WHAT YOU WILL DO: Print word for word the records from the line containing "Some of the text" through the end.

STUDY MATERIAL:
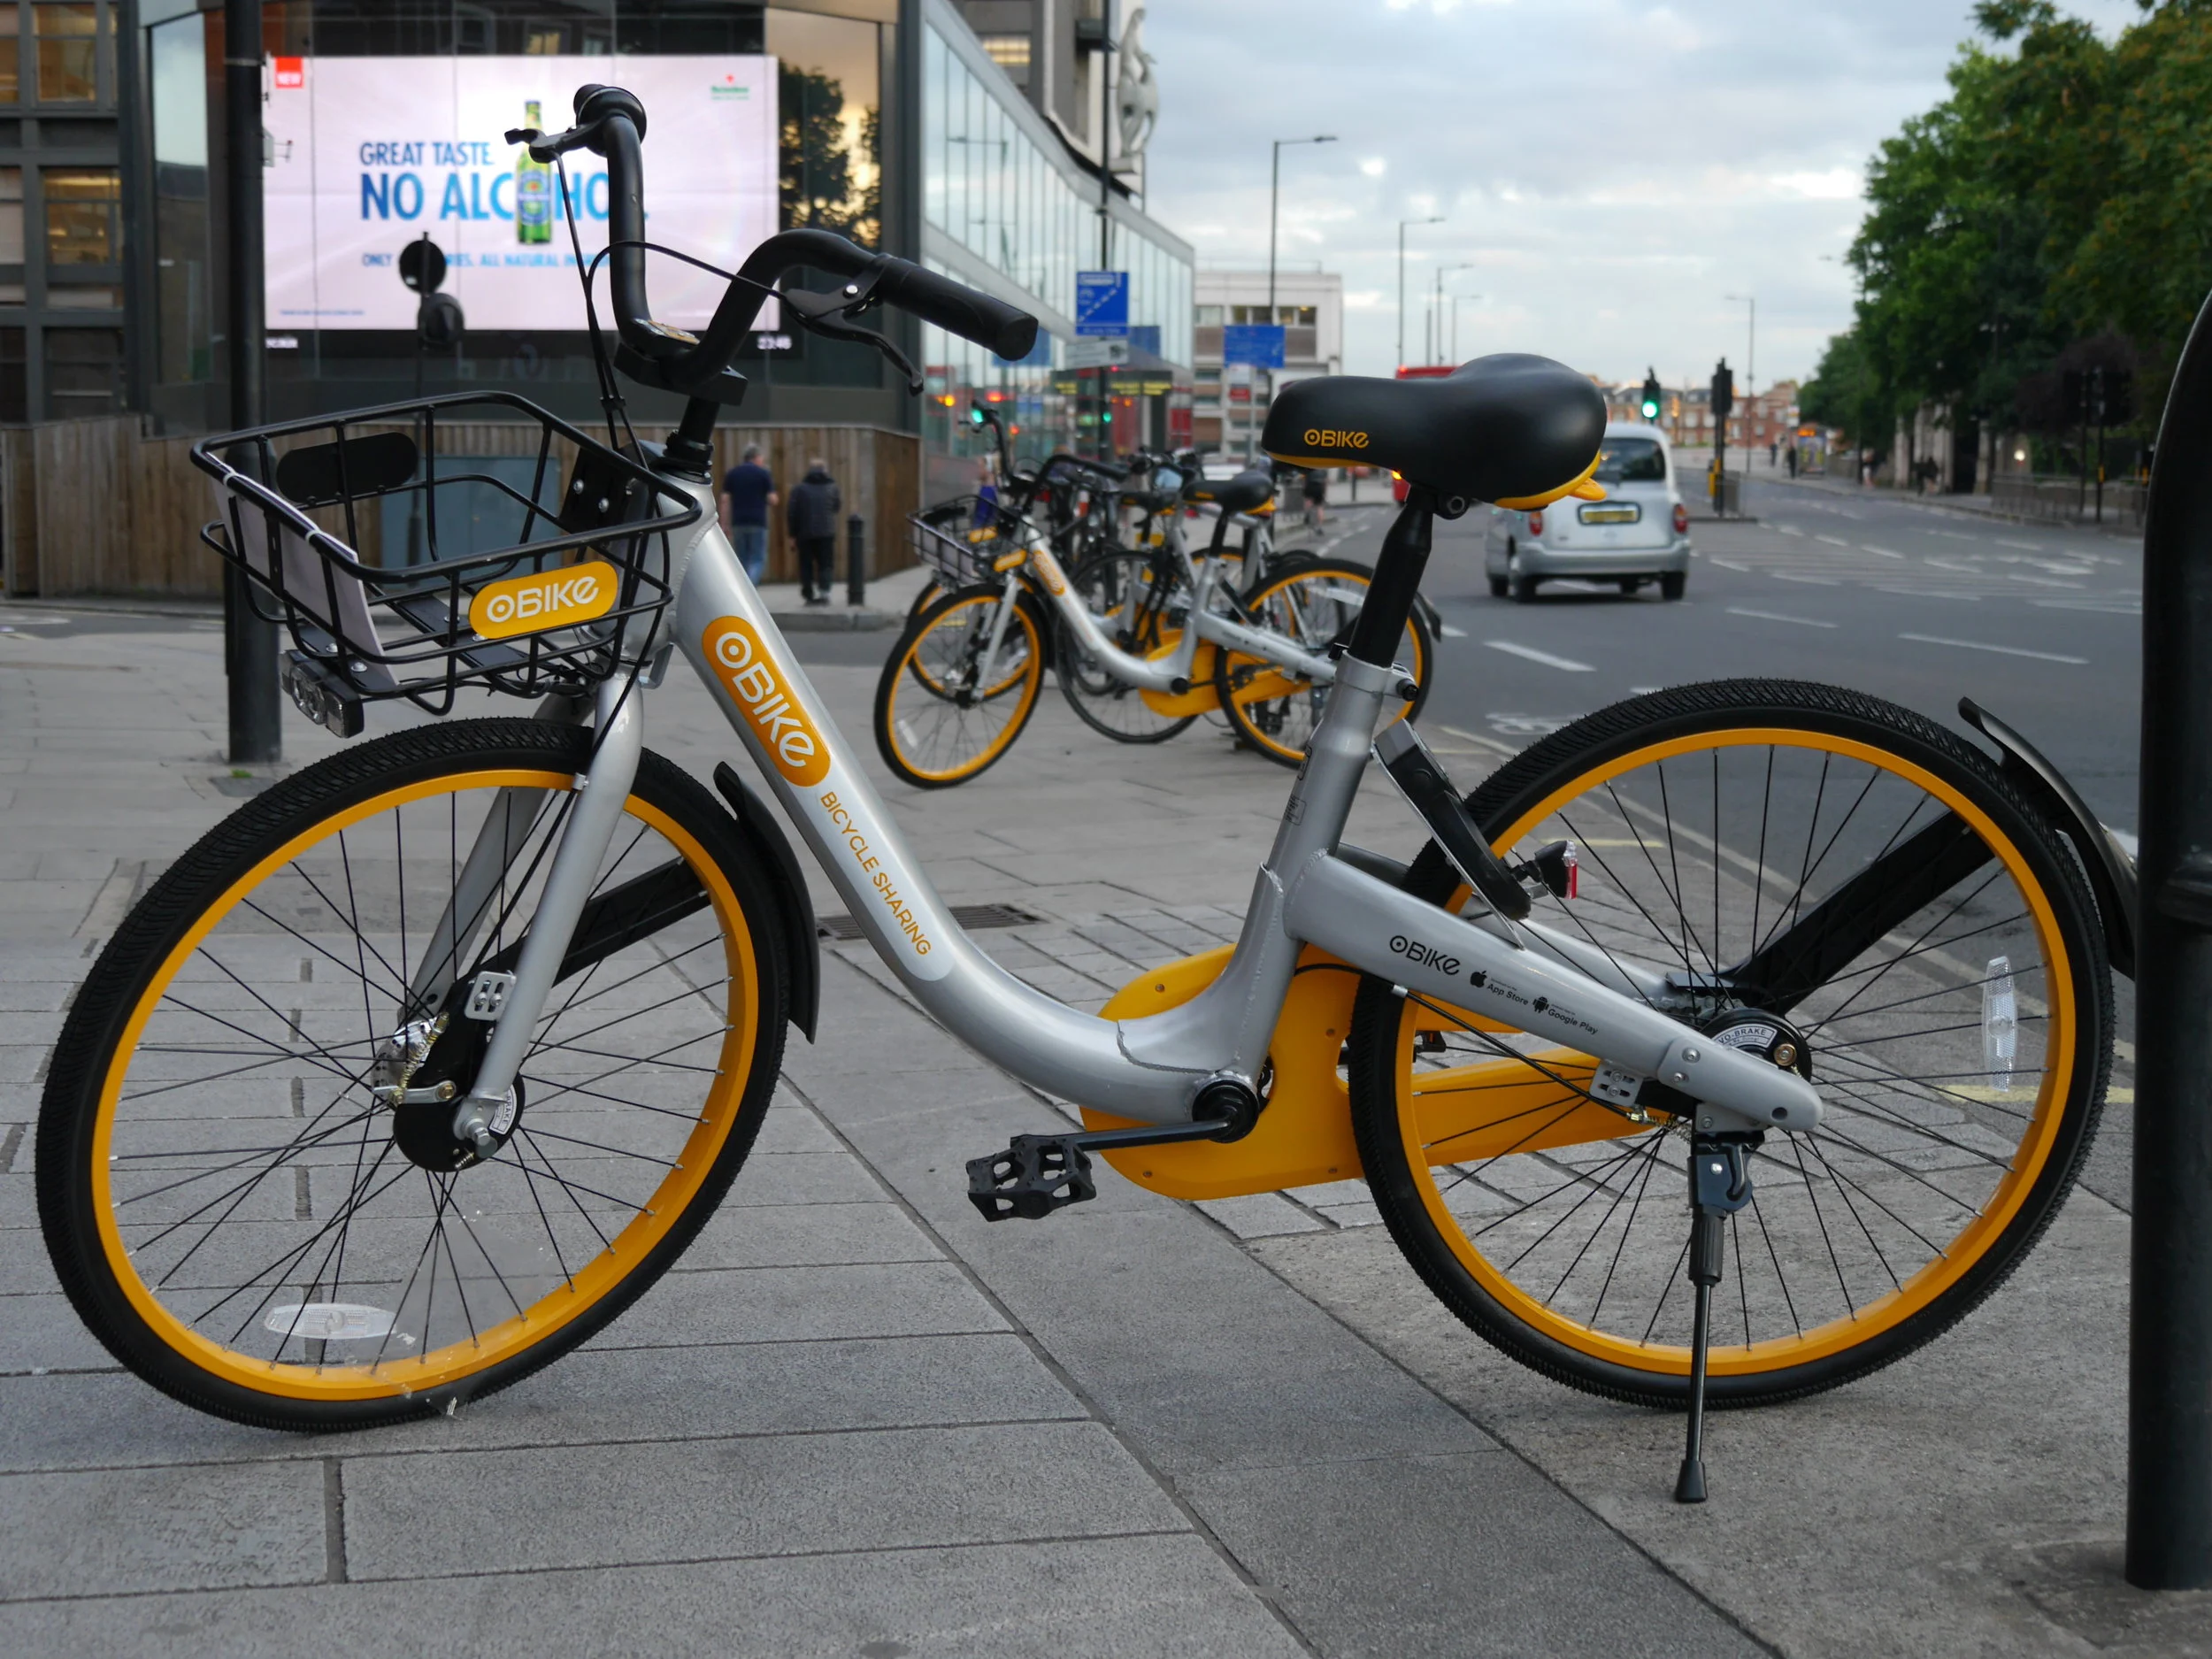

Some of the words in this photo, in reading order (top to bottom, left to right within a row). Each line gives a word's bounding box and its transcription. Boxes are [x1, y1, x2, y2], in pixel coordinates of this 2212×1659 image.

[359, 141, 425, 166] GREAT
[360, 172, 425, 221] NO
[820, 791, 879, 872] BICYCLE
[872, 872, 932, 956] SHARING
[1486, 983, 1505, 996] App
[1506, 991, 1529, 1005] Store
[1548, 1008, 1578, 1026] Google
[1579, 1020, 1599, 1035] Play
[1718, 1028, 1767, 1045] VO-BRAKE
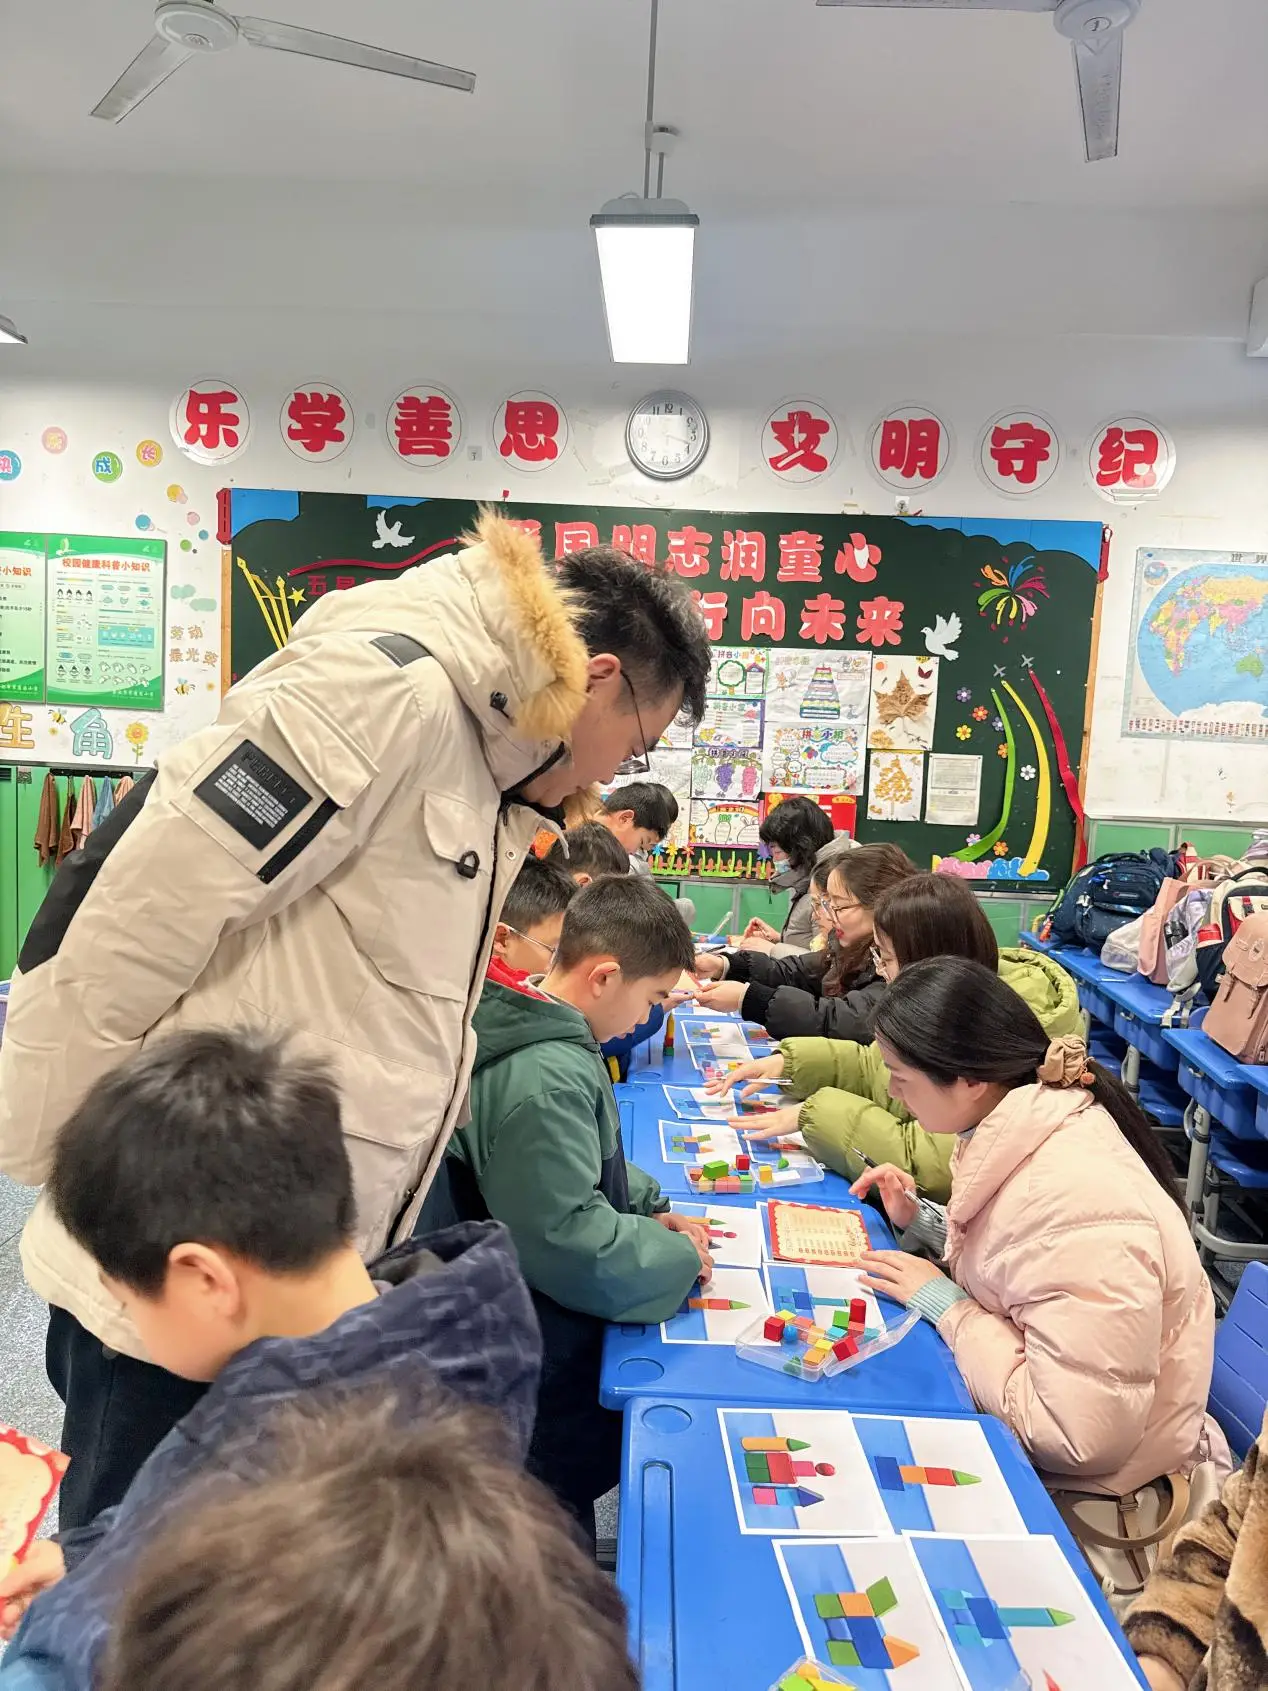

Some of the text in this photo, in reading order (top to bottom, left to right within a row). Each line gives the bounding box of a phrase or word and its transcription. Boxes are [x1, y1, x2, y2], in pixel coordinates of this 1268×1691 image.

[184, 389, 560, 462] 乐学善思
[769, 410, 1159, 487] 文明守纪
[0, 565, 32, 577] 小知识
[62, 557, 151, 573] 校园健康科普小知识

ANSWER SPACE:
Some of the text in this photo, in reading order (top to bottom, left to right within a row). Each line gives the bounding box of a phrase or word and its transcription. Boxes are [x1, y1, x2, y2], in pixel coordinates of this 1268×1691 image.

[184, 389, 560, 462] 乐学善思
[769, 410, 1159, 487] 文明守纪
[0, 565, 32, 577] 小知识
[62, 557, 151, 573] 校园健康科普小知识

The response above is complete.